Я уже не говорю о гениальных строчках: «…нежной поступью надвьюжной, снежной россыпью жемчужной,» – быть может, лучших во всей мировой поэзии.
Что же касается «Скифов», то я их признавал полностью, не только восхищаясь ими, но испытывая нечто вроде подлинного священного ужаса при чтении этих пророческих тяжеловесных ямбов, сохранивших власть над моей душой и над моим воображением до сегодняшних дней.
Все было в них согласно с моим тогдашним представлением о судьбах России, все находило во мне отзвук.
…«И дар божественных видений… и острый галльский смысл, и сумрачный германский гений».
В особенности дар божественных видений.
Меня нисколько не пугало, что «перед Европою пригожей… мы обернемся к вам своею азиатской рожей», не коробила «варварская лира» и все резкости этой необыкновенной евразийской поэмы, открывшей для меня целый мир пробуждающегося Востока.
Ведь я был солдат, настоящий фронтовик, и меня было трудно чем-нибудь запугать, в особенности революцией. Солдаты любили революцию. Она была для них желанным избавлением от войны. В этом было мое преимущество перед Буниным, который до ужаса боялся и ненавидел солдат и матросов, совершавших величайшую в истории человечества Октябрьскую революцию; они все казались ему на одно лицо: тупые, жестокие, озверевшие от крови, разнузданные, не революционеры, а бунтовщики, погубители России.
Я же, проживший вместе с ними на войне почти два года, вместе с ними искавший и кормивший вшей, евший и учивший некоторых из них грамоте и даже читавший им в мокрой землянке под Сморгонью во время передышек между боями Гоголя и Толстого – чуть ли даже не «Анну Каренину», которая им, кстати, очень нравилась, – лежавший вместе с ними то раненый, то отравленный газами в полевых лазаретах на гнилой соломе, знавший все их самые сокровенные крестьянские, совершенно справедливые, мечты о земле, о свободе, о всеобщем мире, о свержении ненавистного дома Романовых, об уничтожении помещиков, кулаков и капиталистов, о грядущей революции и вполне сочувствующий этим мечтам, хотя они и не имели к моей личной судьбе прямого отношения – как мне тогда казалось! – я совсем не боялся этих людей – вовсе не жестоких и вовсе не кровожадных, а простых, добрых, хороших и справедливых русских крестьян и рабочих, измученных и доведенных до крайности преступной войной и вековой несправедливостью.

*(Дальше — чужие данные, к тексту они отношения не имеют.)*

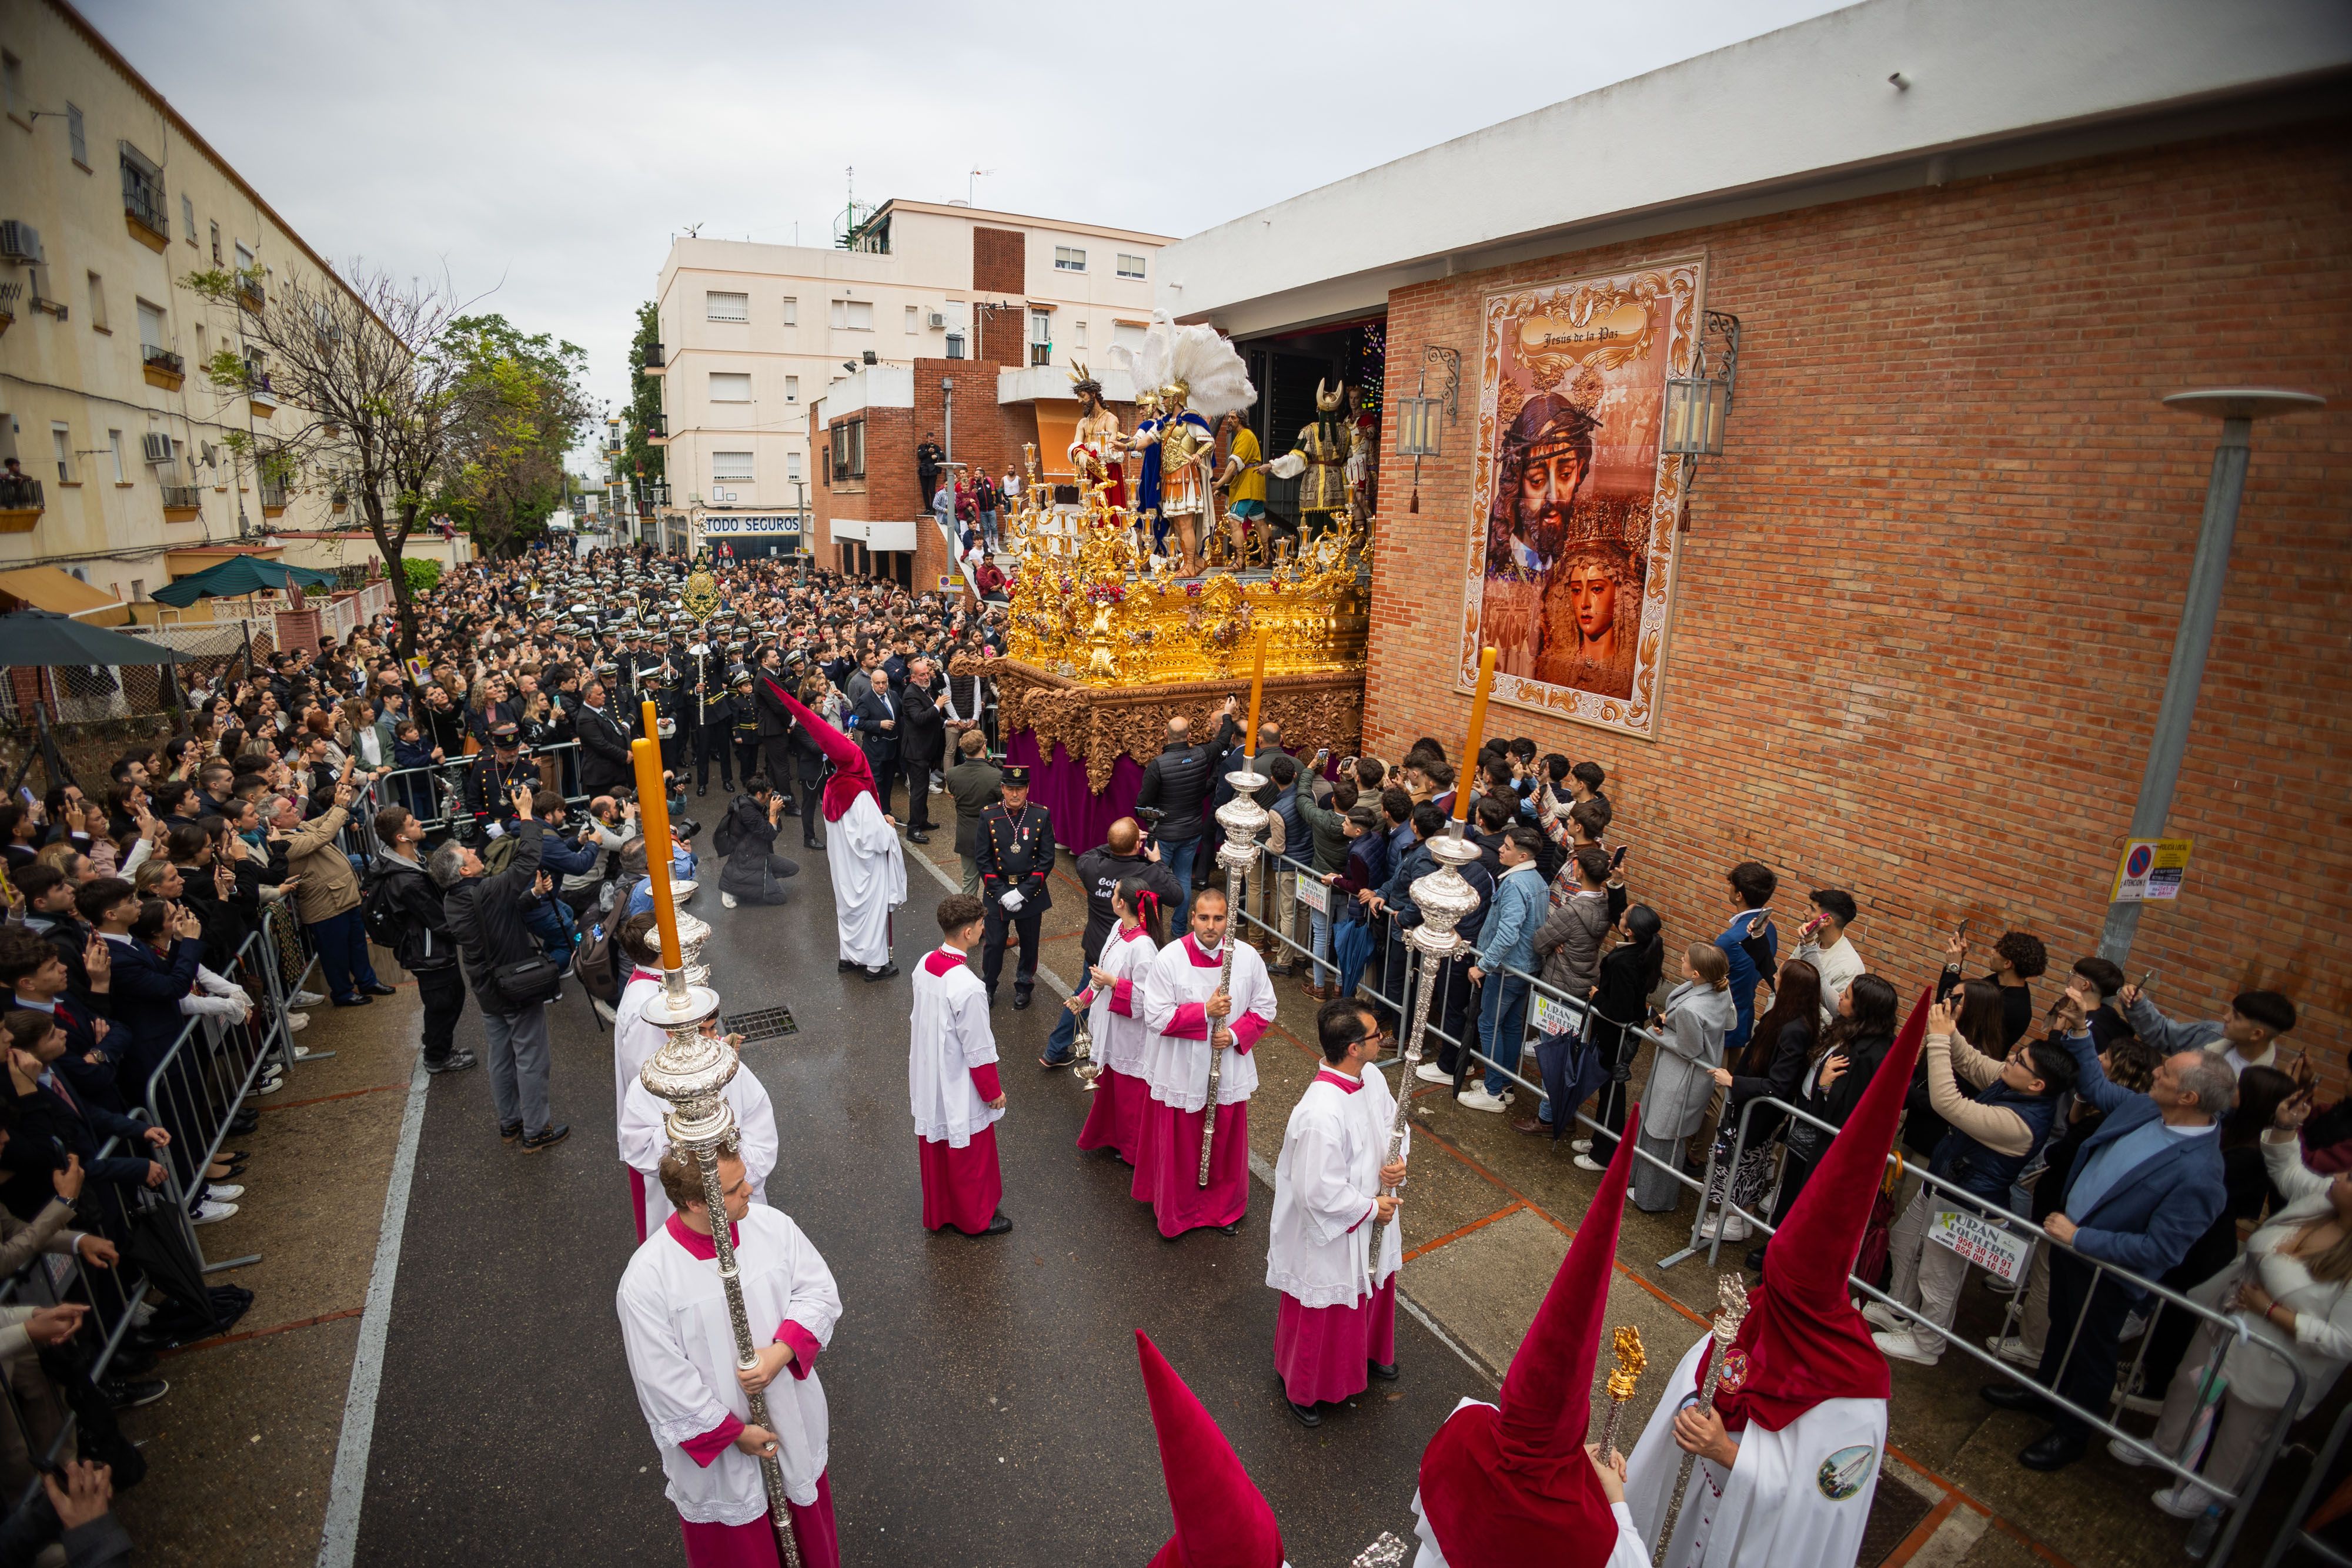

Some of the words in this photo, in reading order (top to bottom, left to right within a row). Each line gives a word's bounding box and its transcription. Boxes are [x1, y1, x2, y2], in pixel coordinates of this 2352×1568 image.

Это была настоящая Россия, а не та, которую выдумал Бунин, поддавшийся постыдному страху перед революцией – ужасу, свойственному многим русским интеллигентам того времени.
Невольно вспоминалась мне автобиографическая заметка, написанная за два года до революции, где Бунин писал: «На первых порах чего только, наряду с похвалами моему художеству, не наслушался я! Иные унижались даже до того, что говорили, что я был просто испуган революцией, как помещик (каковым на самом деле я отроду не был)…»
Увы, как это ни больно, но теперь мне стало совершенно ясно, что Бунин именно испугался революции. Я думаю, в этом страхе перед революцией была главная трагедия Бунина, которую я наблюдал в годы, о которых пишу.
– Вы, конечно, не согласны со мной относительно «Скифов» и «Двенадцати»? – сказал он резко. – Боюсь, что вы, как и многие молодые люди вашего возраста и положения, ваши друзья, вступили на неверный, скользкий путь, который увлечет вас в пропасть… – Он снова пронзительно посмотрел мне прямо в глаза и усмехнулся. – Однако, господа, если начинать, то пора начинать. – И с этими словами он из боковой двери поднялся по лестничке на эстраду, сухо поклонился в ответ на легкие аплодисменты, затем уселся за шаткий столик, вынул из портфеля журнальный оттиск «Снов Чанга», взглянул на часы и, уже больше ни разу не посмотрев в полупустой освещенный зал, превосходно, четким, хорошо разносившимся голосом с великолепной дикцией прочел от доски до доски свой замечательный (тоже симфонический) рассказ, начинавшийся удивительными фразами, прозвучавшими, как траурные музыкальные аккорды:
«Не все ли равно, про кого говорить? Заслуживает того каждый из живших на земле. Некогда Чанг узнал мир и капитана, своего хозяина, с которым соединилось его земное существование. И прошло с тех пор целых шесть лет, протекло, как песок в корабельных песочных часах. Вот опять была ночь – сон или действительность? – и опять наступает утро – действительность или сон?»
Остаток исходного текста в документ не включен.